[Work instructions]
Quote the records below in full, exactly as given, with the images taken out.
BEGIN
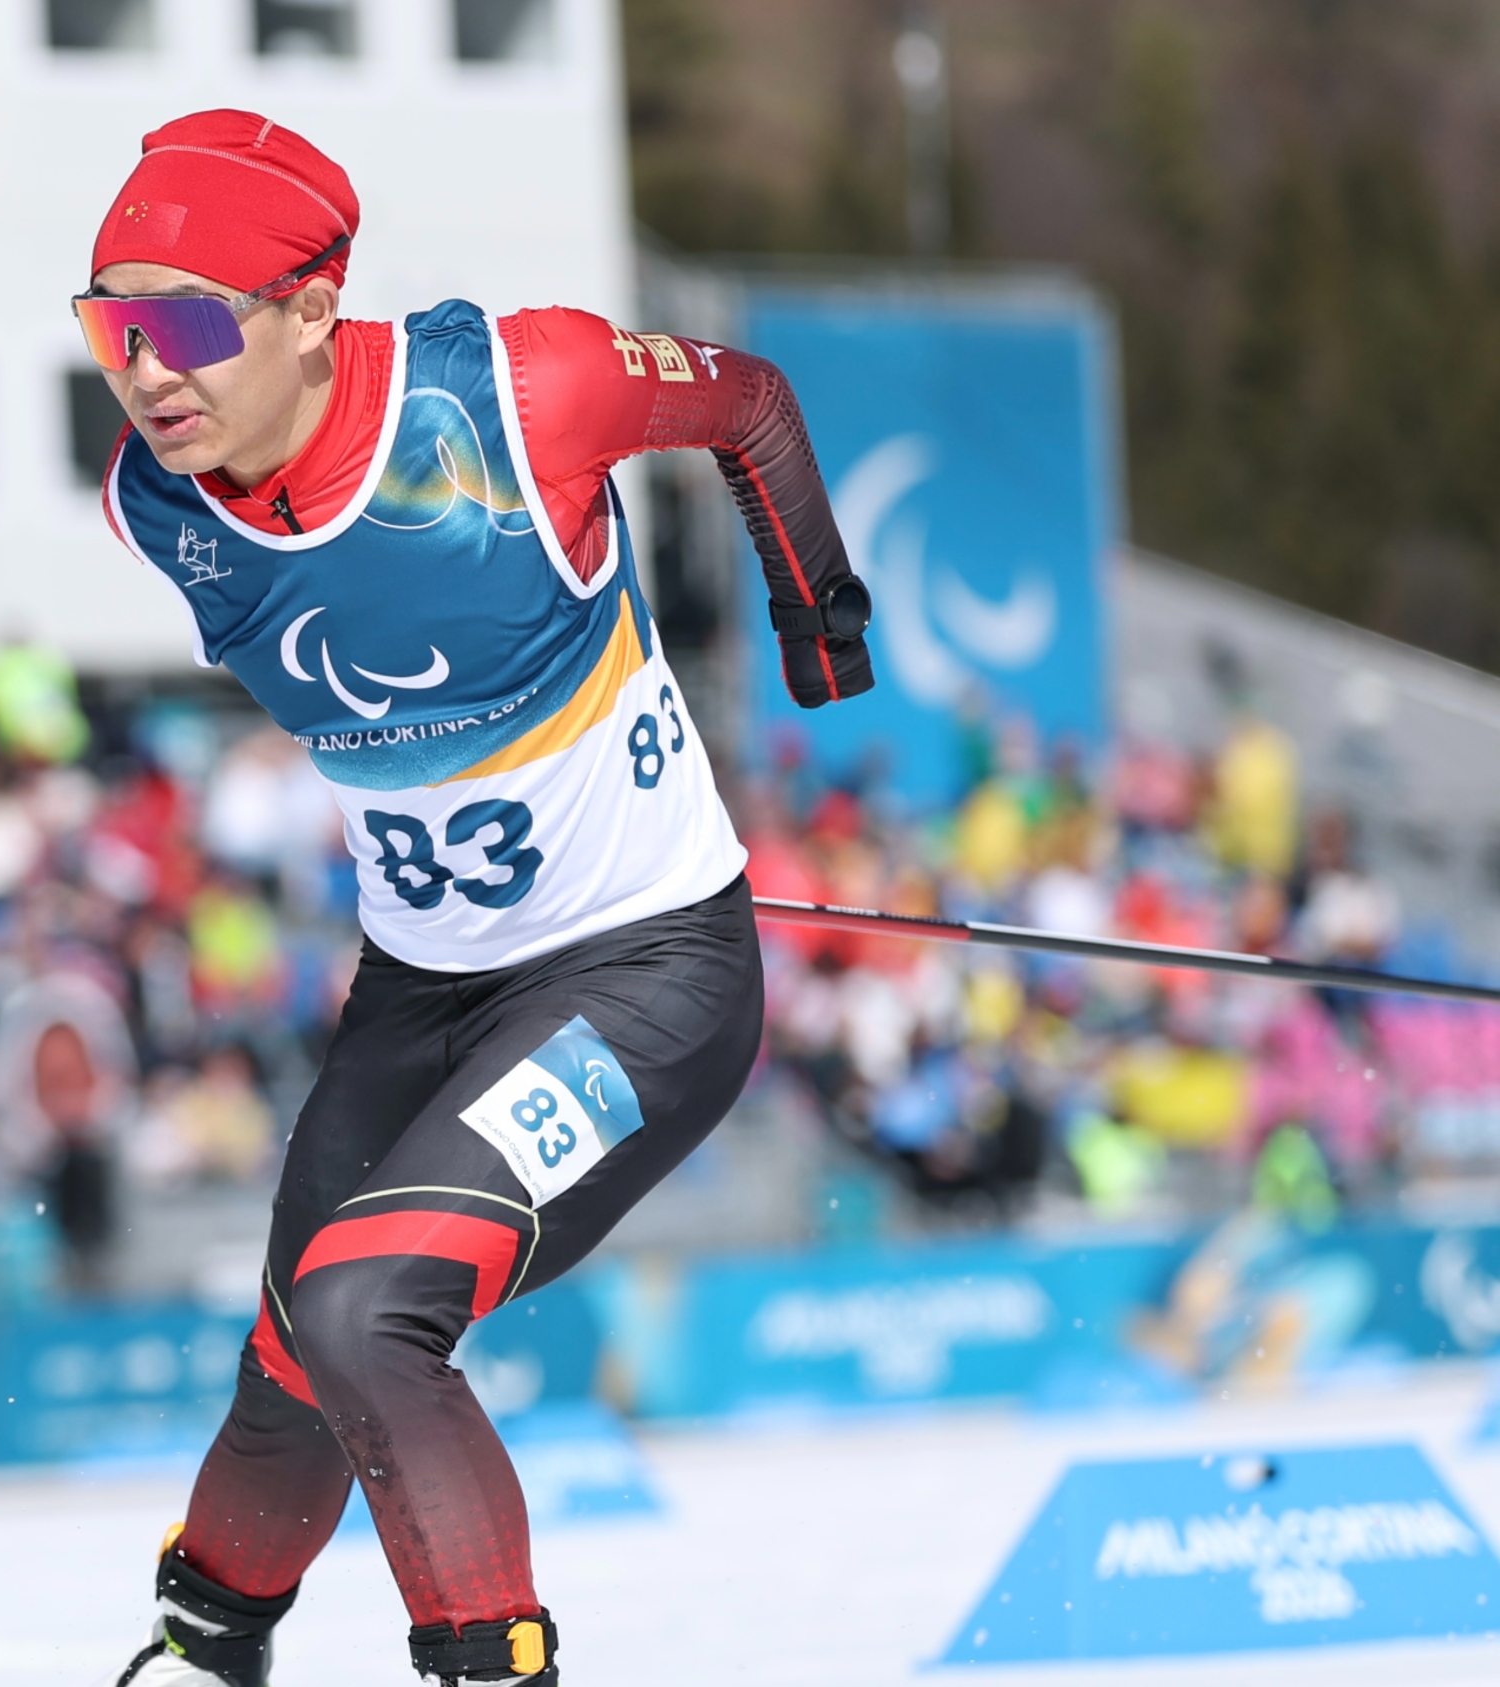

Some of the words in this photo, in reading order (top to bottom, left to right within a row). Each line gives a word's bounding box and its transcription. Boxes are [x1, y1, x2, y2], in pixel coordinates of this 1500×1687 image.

[607, 322, 695, 382] 中国
[628, 683, 685, 790] 83
[364, 798, 544, 910] 83
[476, 1116, 510, 1143] MILANO
[509, 1142, 531, 1181] CORTINA
[511, 1088, 577, 1168] 83
END
[Written solution]
Some of the words in this photo, in reading order (top to bottom, left to right within a row). Each line gives a word's bounding box and its transcription. Boxes are [x1, y1, x2, y2], in pixel coordinates of this 1500×1687 image.

[607, 322, 695, 382] 中国
[628, 683, 685, 790] 83
[364, 798, 544, 910] 83
[476, 1116, 510, 1143] MILANO
[509, 1142, 531, 1181] CORTINA
[511, 1088, 577, 1168] 83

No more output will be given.